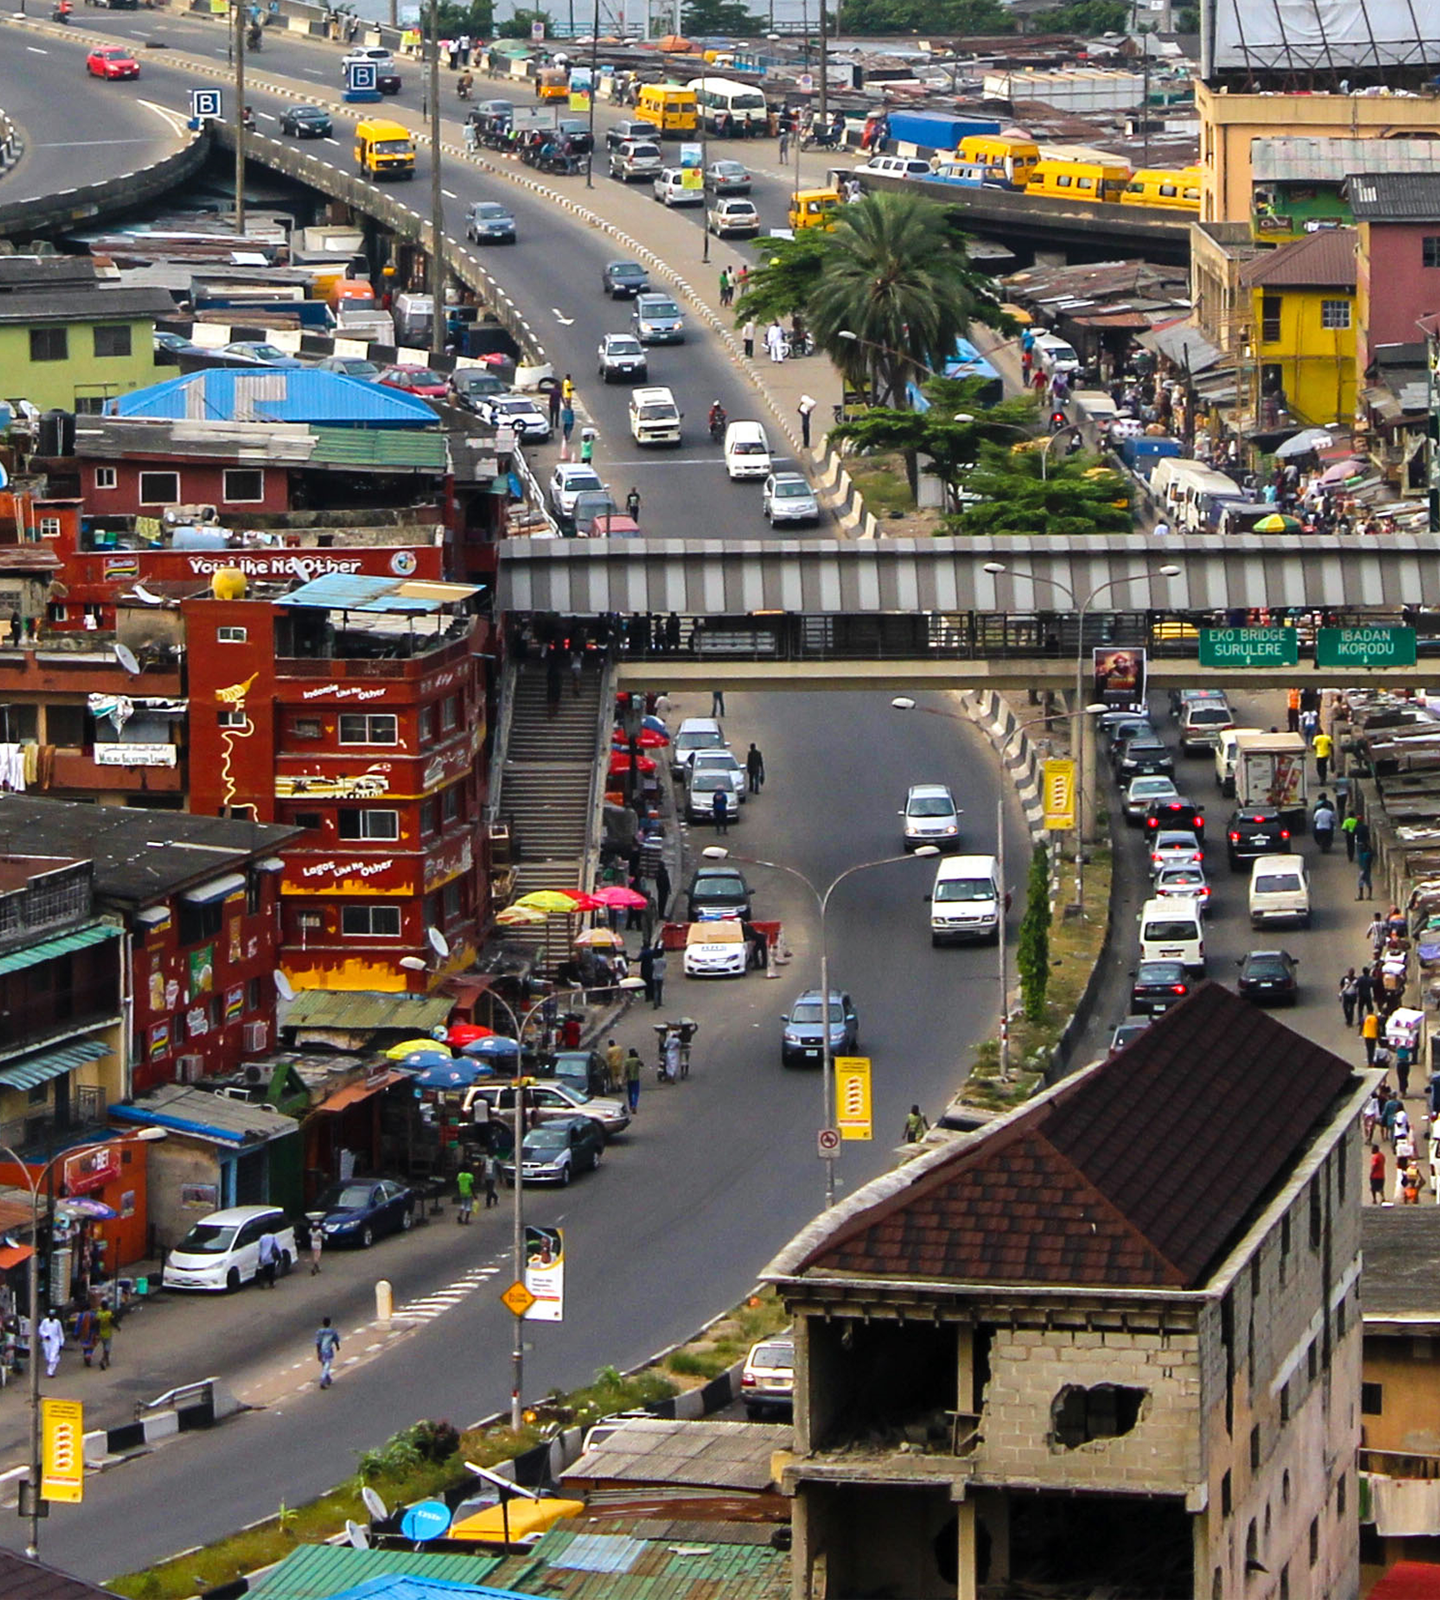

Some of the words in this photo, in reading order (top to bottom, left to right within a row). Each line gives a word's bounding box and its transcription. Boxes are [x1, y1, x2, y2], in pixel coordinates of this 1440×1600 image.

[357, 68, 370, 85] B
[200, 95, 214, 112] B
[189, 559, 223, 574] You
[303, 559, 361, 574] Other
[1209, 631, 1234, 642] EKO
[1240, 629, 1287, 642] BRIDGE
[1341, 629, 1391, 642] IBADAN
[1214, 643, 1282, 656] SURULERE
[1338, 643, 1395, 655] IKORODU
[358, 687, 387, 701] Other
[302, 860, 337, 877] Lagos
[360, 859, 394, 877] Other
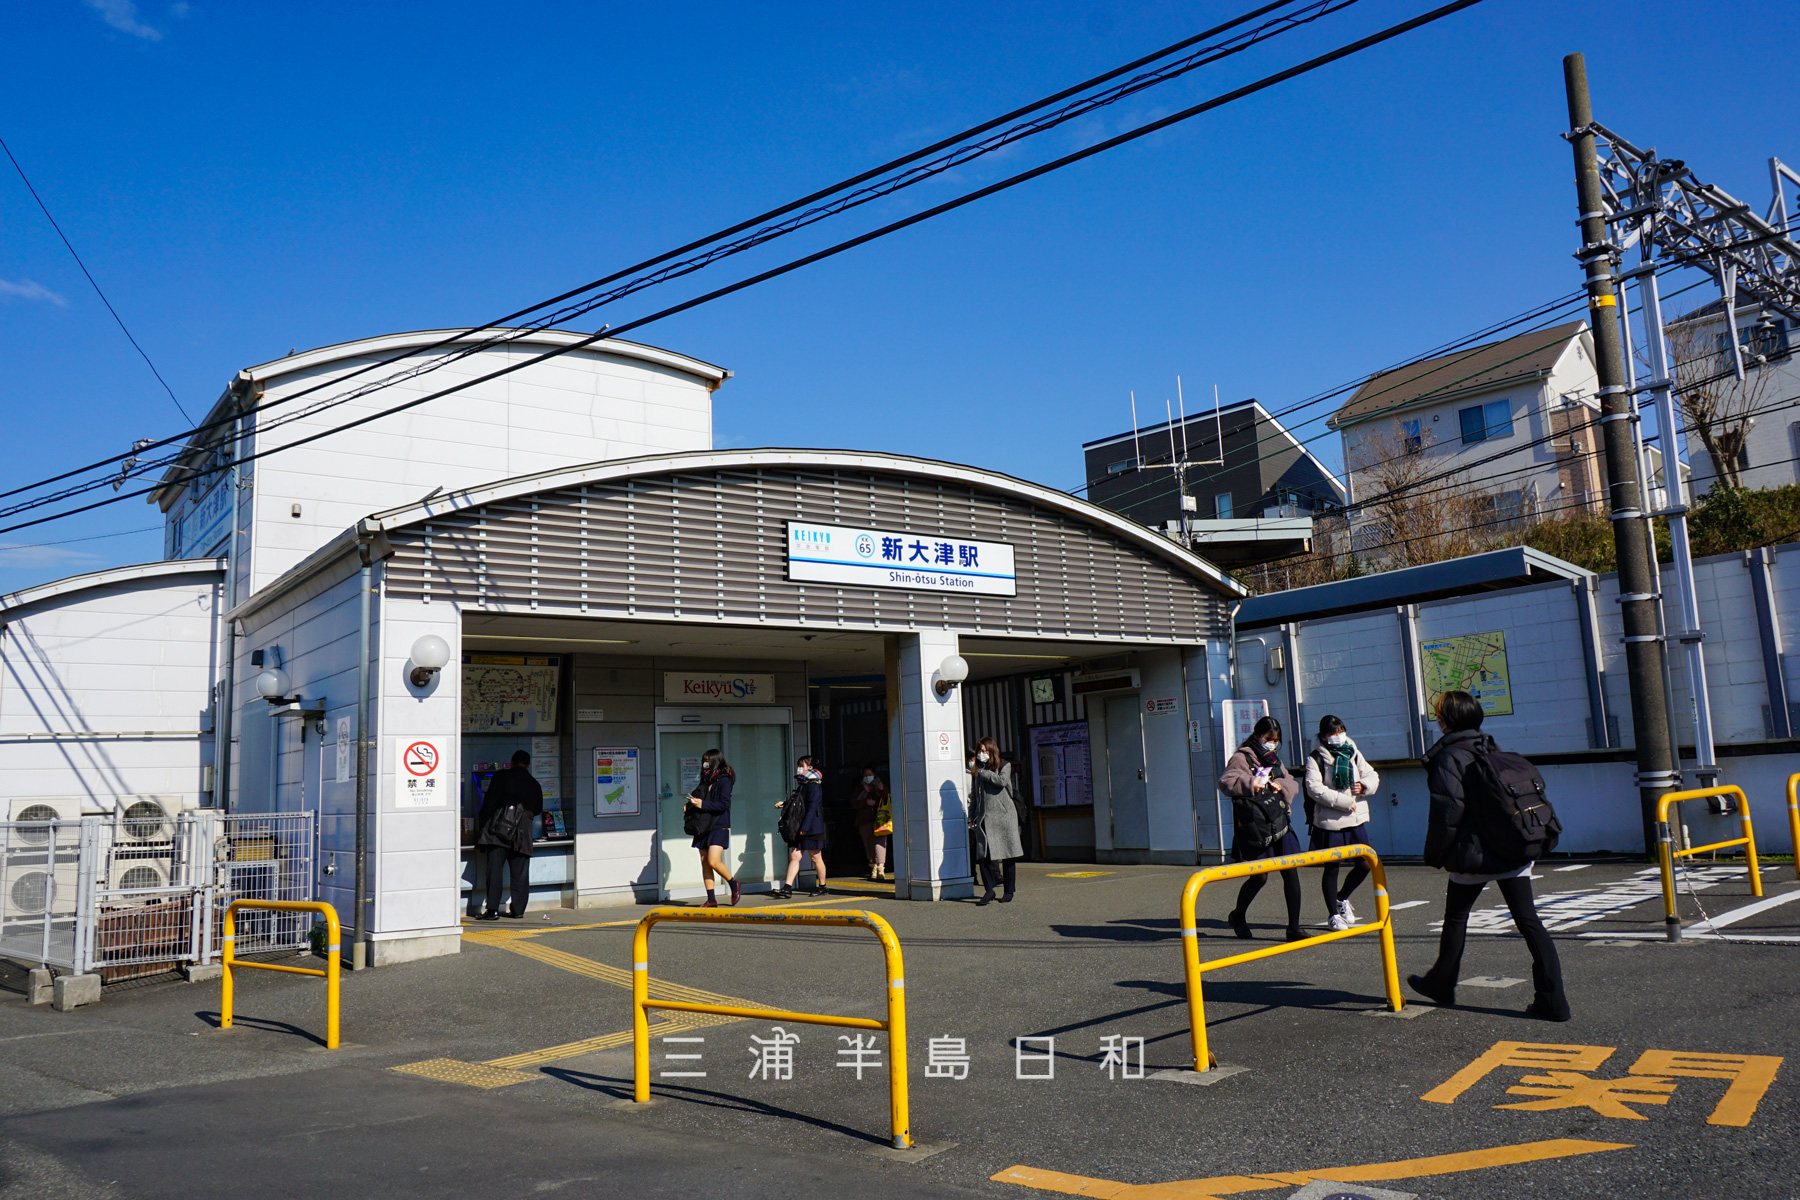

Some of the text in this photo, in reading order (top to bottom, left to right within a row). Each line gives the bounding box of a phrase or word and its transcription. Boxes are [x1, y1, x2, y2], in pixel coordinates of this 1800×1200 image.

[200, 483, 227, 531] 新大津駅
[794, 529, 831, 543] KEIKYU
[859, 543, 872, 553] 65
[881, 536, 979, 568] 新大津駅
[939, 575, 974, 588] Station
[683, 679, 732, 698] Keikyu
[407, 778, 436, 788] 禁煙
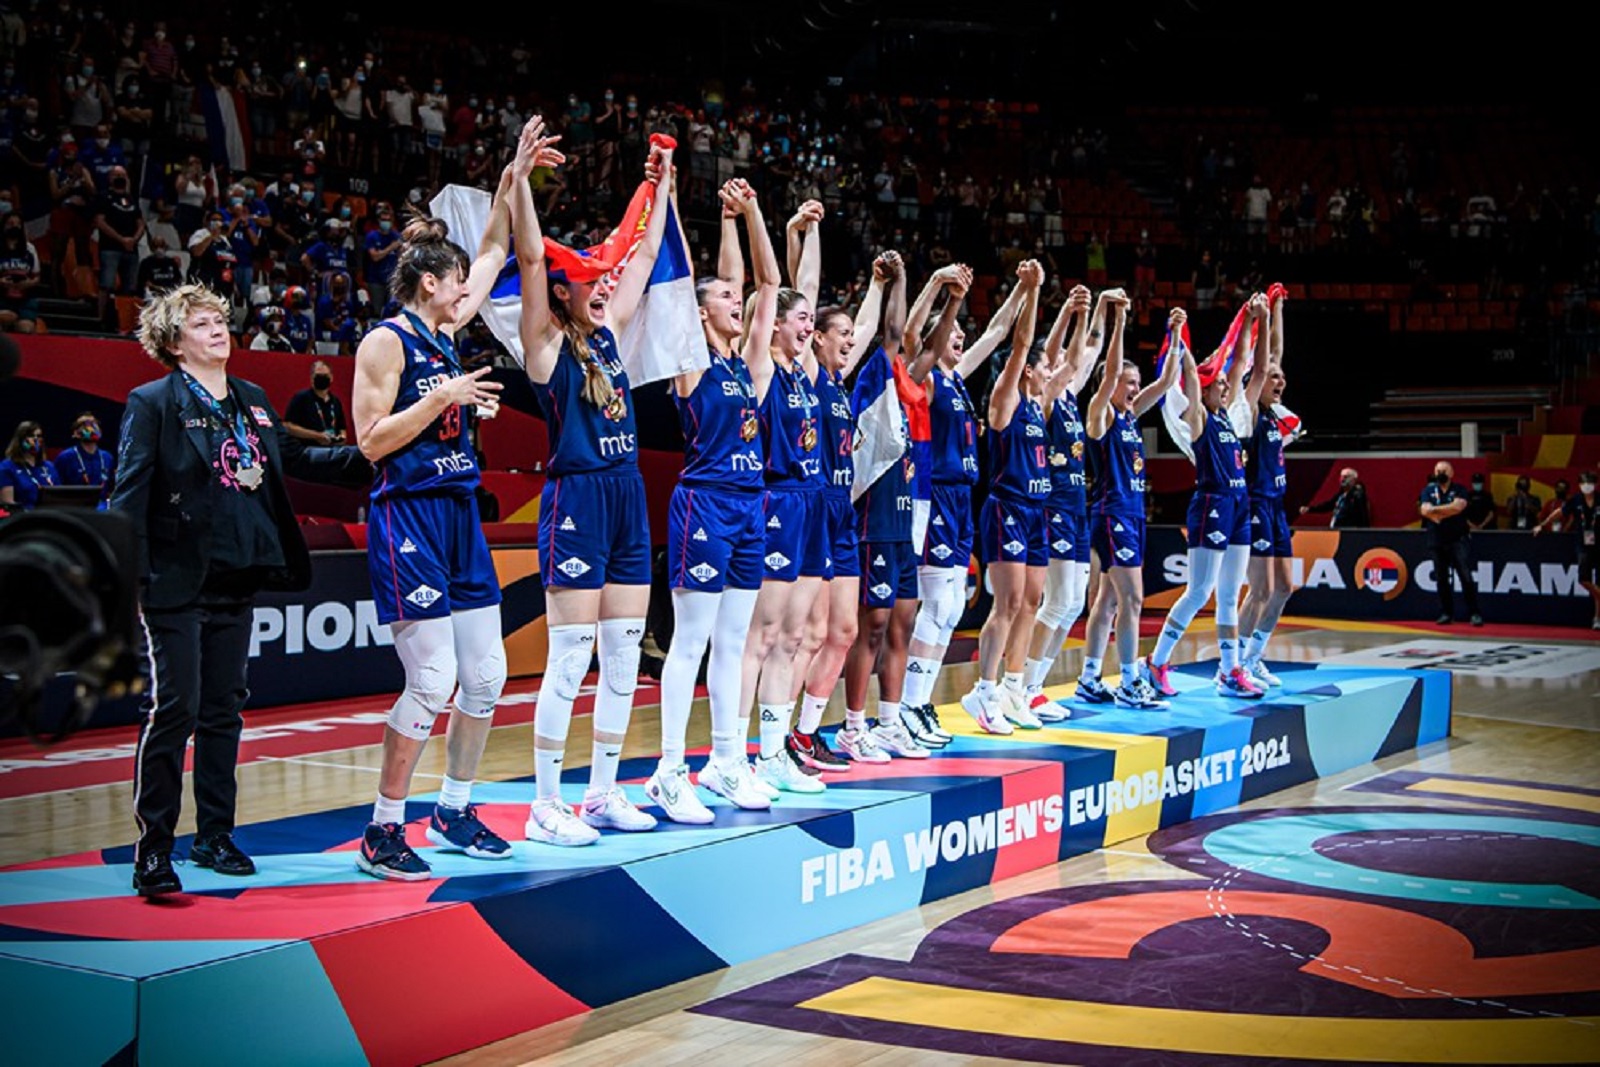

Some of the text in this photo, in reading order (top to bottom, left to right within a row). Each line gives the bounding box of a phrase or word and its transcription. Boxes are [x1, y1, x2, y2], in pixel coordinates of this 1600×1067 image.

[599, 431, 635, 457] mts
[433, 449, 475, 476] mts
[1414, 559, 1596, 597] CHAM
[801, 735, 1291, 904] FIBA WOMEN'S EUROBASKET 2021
----
## Try it
Each entry must be set down word for word; no image may be carried over.

## Exercise response
Some of the words in this photo, in reading order (top to bottom, left to right within a row). Each line gives a word's bounding box and its transcription. Boxes are [x1, y1, x2, y2], in pixel coordinates of this 1440×1600 image.

[357, 68, 370, 85] B
[200, 95, 214, 112] B
[189, 559, 223, 574] You
[303, 559, 361, 574] Other
[1209, 631, 1234, 642] EKO
[1240, 629, 1287, 642] BRIDGE
[1341, 629, 1391, 642] IBADAN
[1214, 643, 1282, 656] SURULERE
[1338, 643, 1395, 655] IKORODU
[358, 687, 387, 701] Other
[302, 860, 337, 877] Lagos
[360, 859, 394, 877] Other

Some of the text in this photo, in reading order (top to bottom, left to right within a row). Each line gives the bounding box of a phrase or word and its transcription. Boxes are [x1, y1, x2, y2], in pixel coordinates of this 1800×1200 image.

[200, 483, 227, 531] 新大津駅
[794, 529, 831, 543] KEIKYU
[859, 543, 872, 553] 65
[881, 536, 979, 568] 新大津駅
[939, 575, 974, 588] Station
[683, 679, 732, 698] Keikyu
[407, 778, 436, 788] 禁煙

Some of the text in this photo, in reading order (top to bottom, left to right within a row). Each line gives the bounding box of a phrase or word and its transcription. Boxes are [x1, y1, x2, y2], in pixel coordinates of this 1600×1067 image.

[599, 431, 635, 457] mts
[433, 449, 475, 476] mts
[1414, 559, 1596, 597] CHAM
[801, 735, 1291, 904] FIBA WOMEN'S EUROBASKET 2021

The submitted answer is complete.